### WORK TO BE COMPLETED
Transcribe the records that follow exactly. Skip the pictures.

*** Opening of EXTRACTED ENTRIES ***

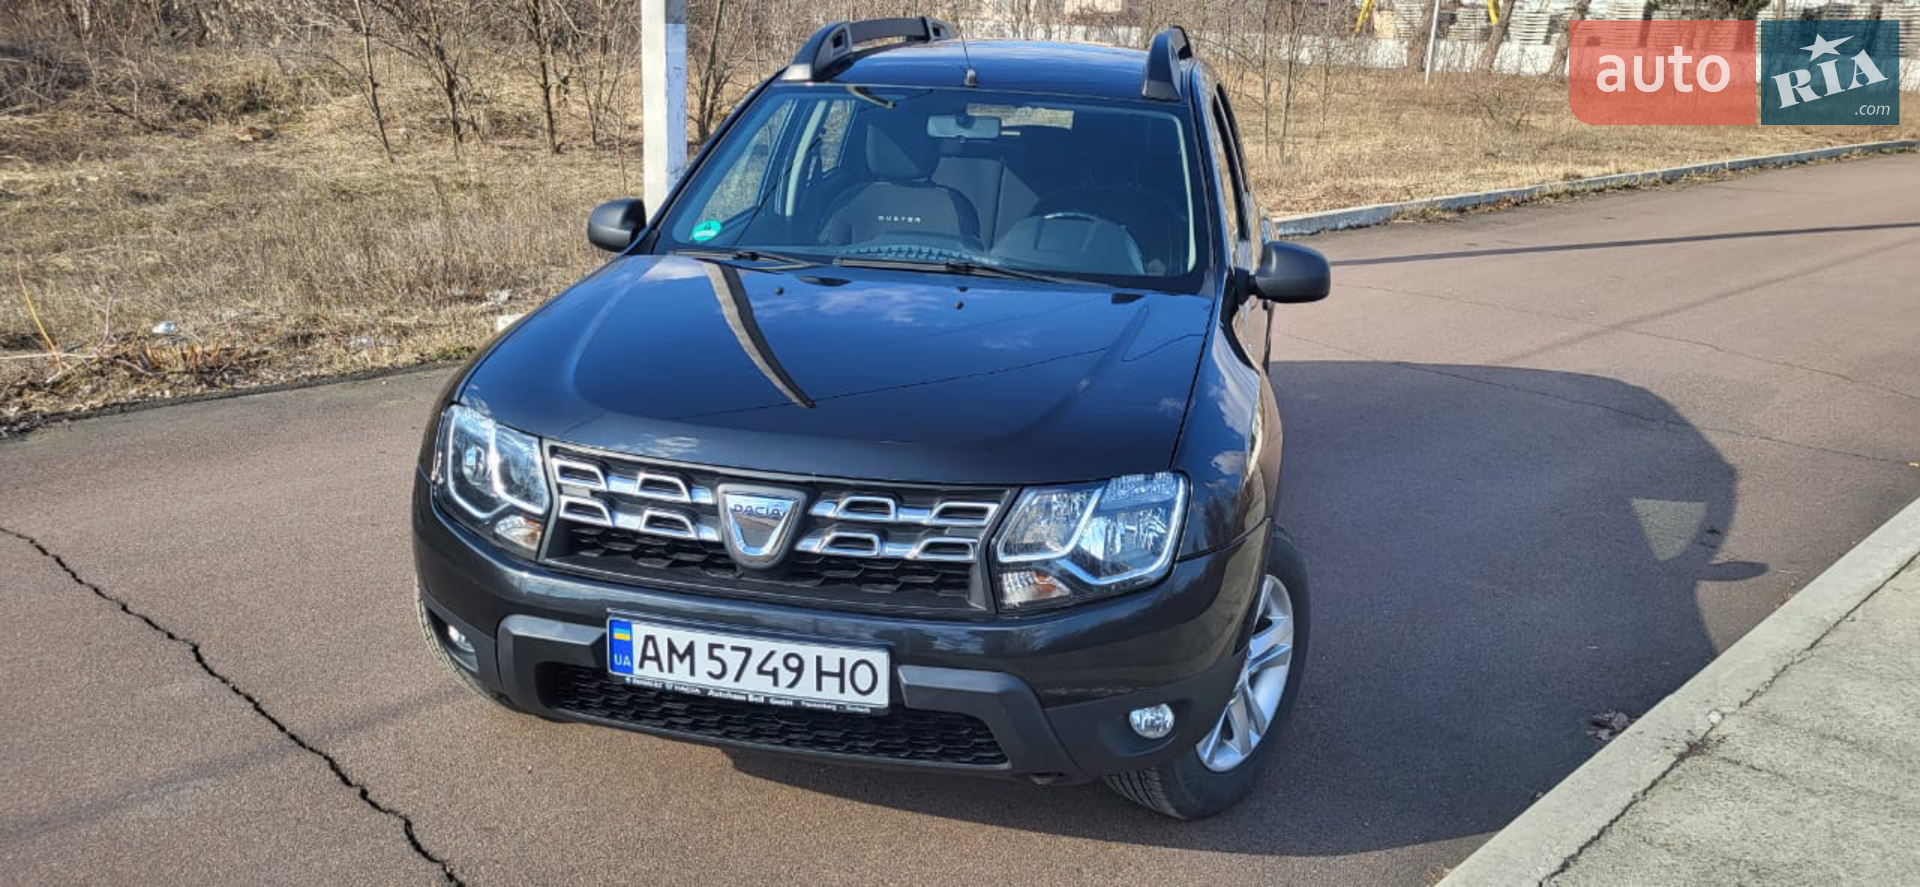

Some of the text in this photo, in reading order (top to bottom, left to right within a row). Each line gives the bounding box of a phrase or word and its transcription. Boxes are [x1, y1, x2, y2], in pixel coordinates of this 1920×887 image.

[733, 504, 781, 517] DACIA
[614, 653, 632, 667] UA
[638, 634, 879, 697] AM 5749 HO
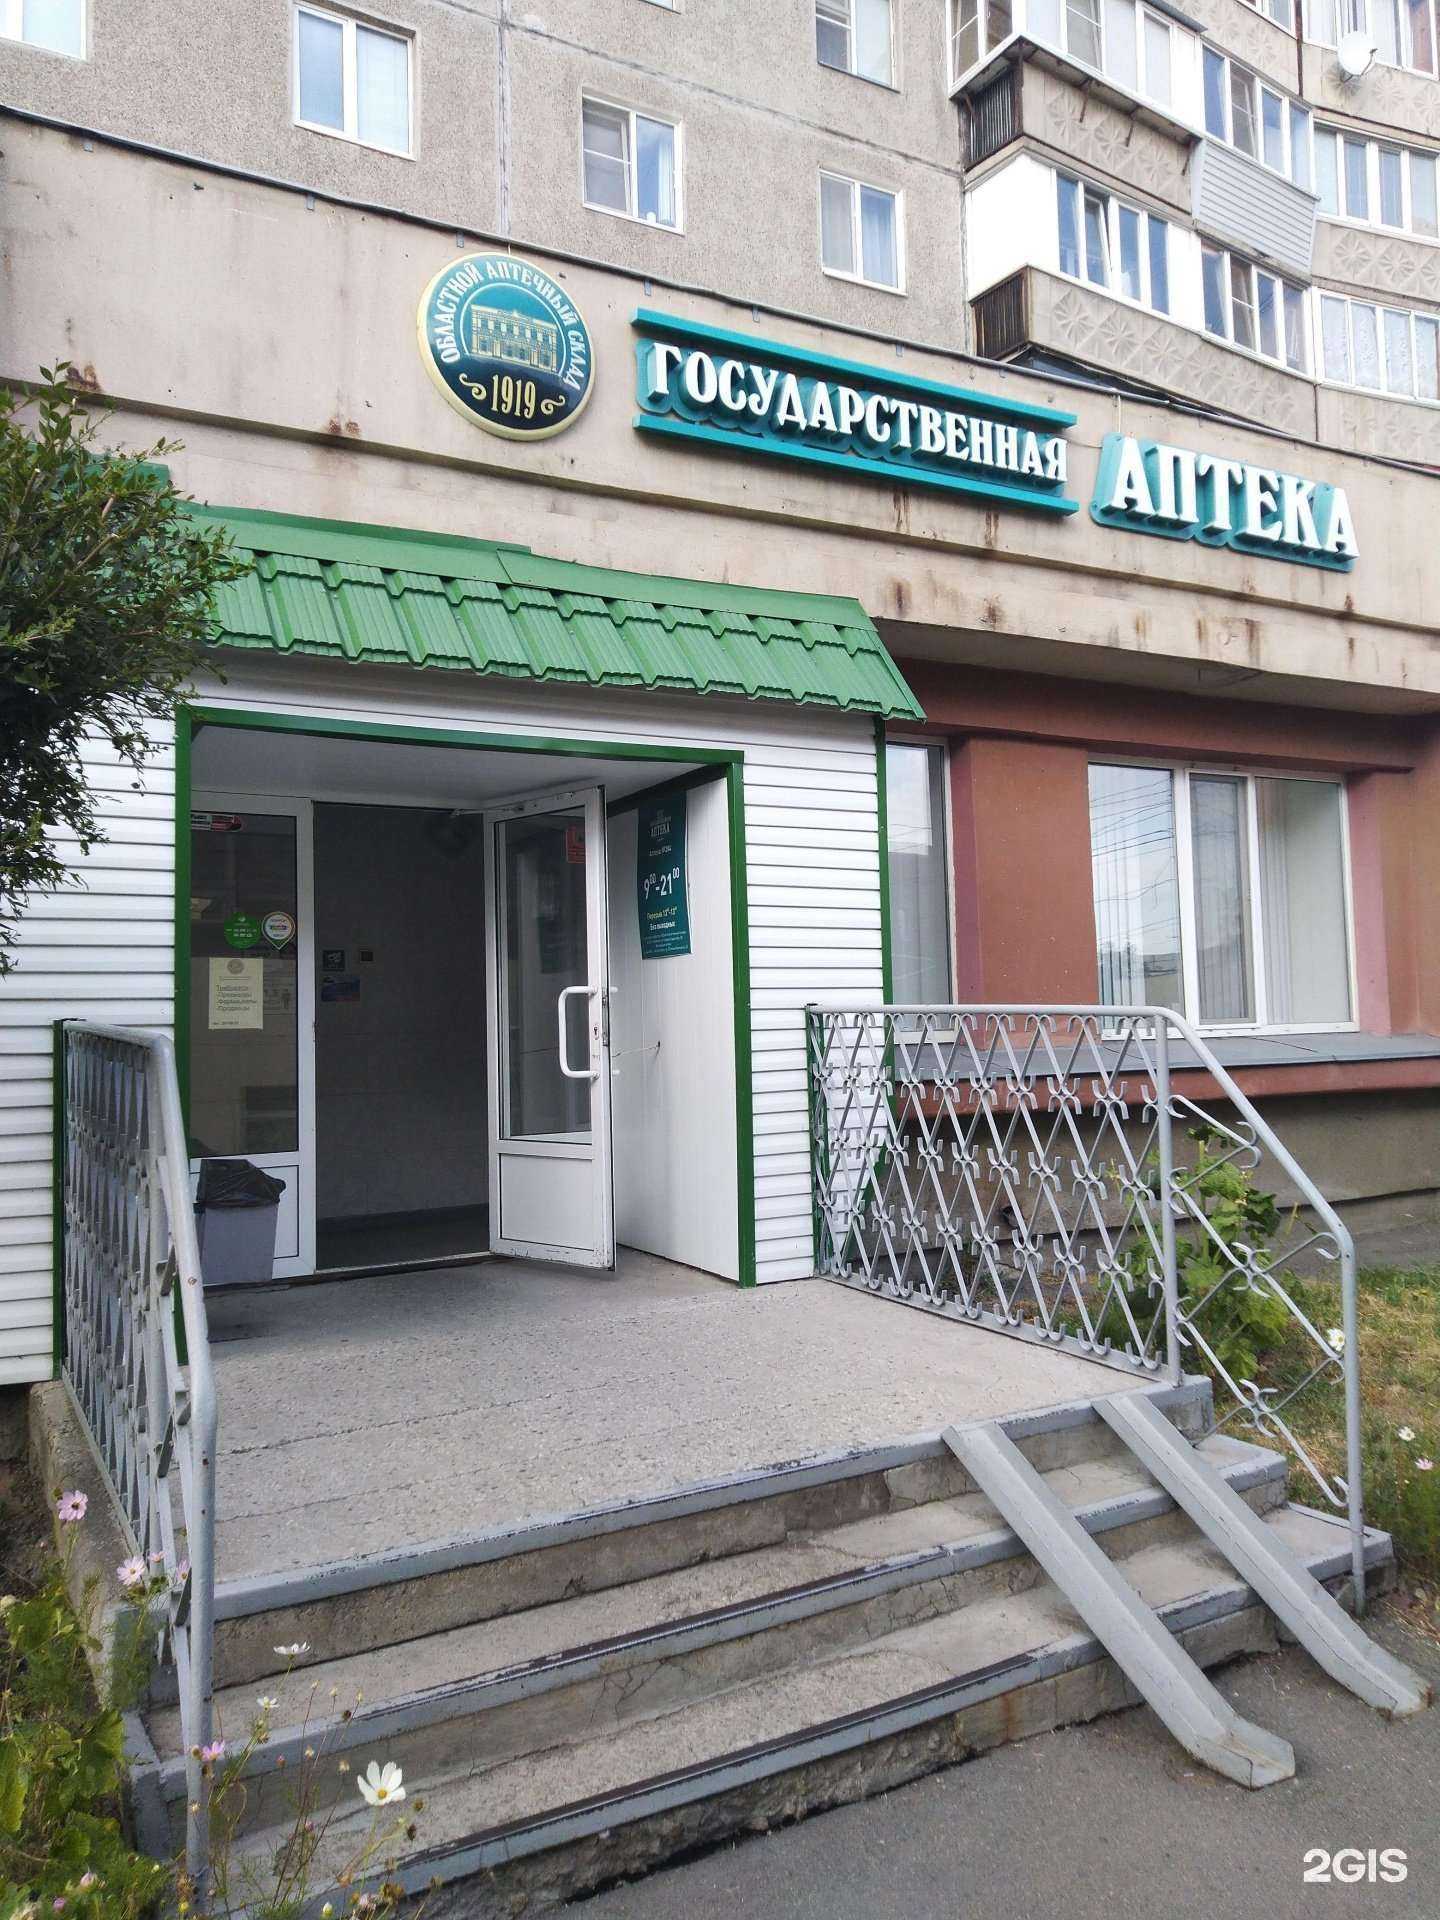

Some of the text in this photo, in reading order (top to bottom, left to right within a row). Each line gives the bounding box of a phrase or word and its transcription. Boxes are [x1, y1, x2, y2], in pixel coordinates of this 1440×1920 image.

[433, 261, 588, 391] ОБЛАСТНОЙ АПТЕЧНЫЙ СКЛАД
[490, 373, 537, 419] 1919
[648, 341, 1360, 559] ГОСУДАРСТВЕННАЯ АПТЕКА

*** Close of EXTRACTED ENTRIES ***

### OUTPUT FOR THIS EXERCISE
Some of the text in this photo, in reading order (top to bottom, left to right within a row). Each line gives the bounding box of a phrase or word and its transcription. Boxes are [x1, y1, x2, y2], in pixel coordinates of this 1920×887 image.

[733, 504, 781, 517] DACIA
[614, 653, 632, 667] UA
[638, 634, 879, 697] AM 5749 HO

Some of the text in this photo, in reading order (top to bottom, left to right within a row). Each line gives the bounding box of a phrase or word and its transcription. Boxes are [x1, y1, x2, y2], in pixel coordinates of this 1440×1920 image.

[433, 261, 588, 391] ОБЛАСТНОЙ АПТЕЧНЫЙ СКЛАД
[490, 373, 537, 419] 1919
[648, 341, 1360, 559] ГОСУДАРСТВЕННАЯ АПТЕКА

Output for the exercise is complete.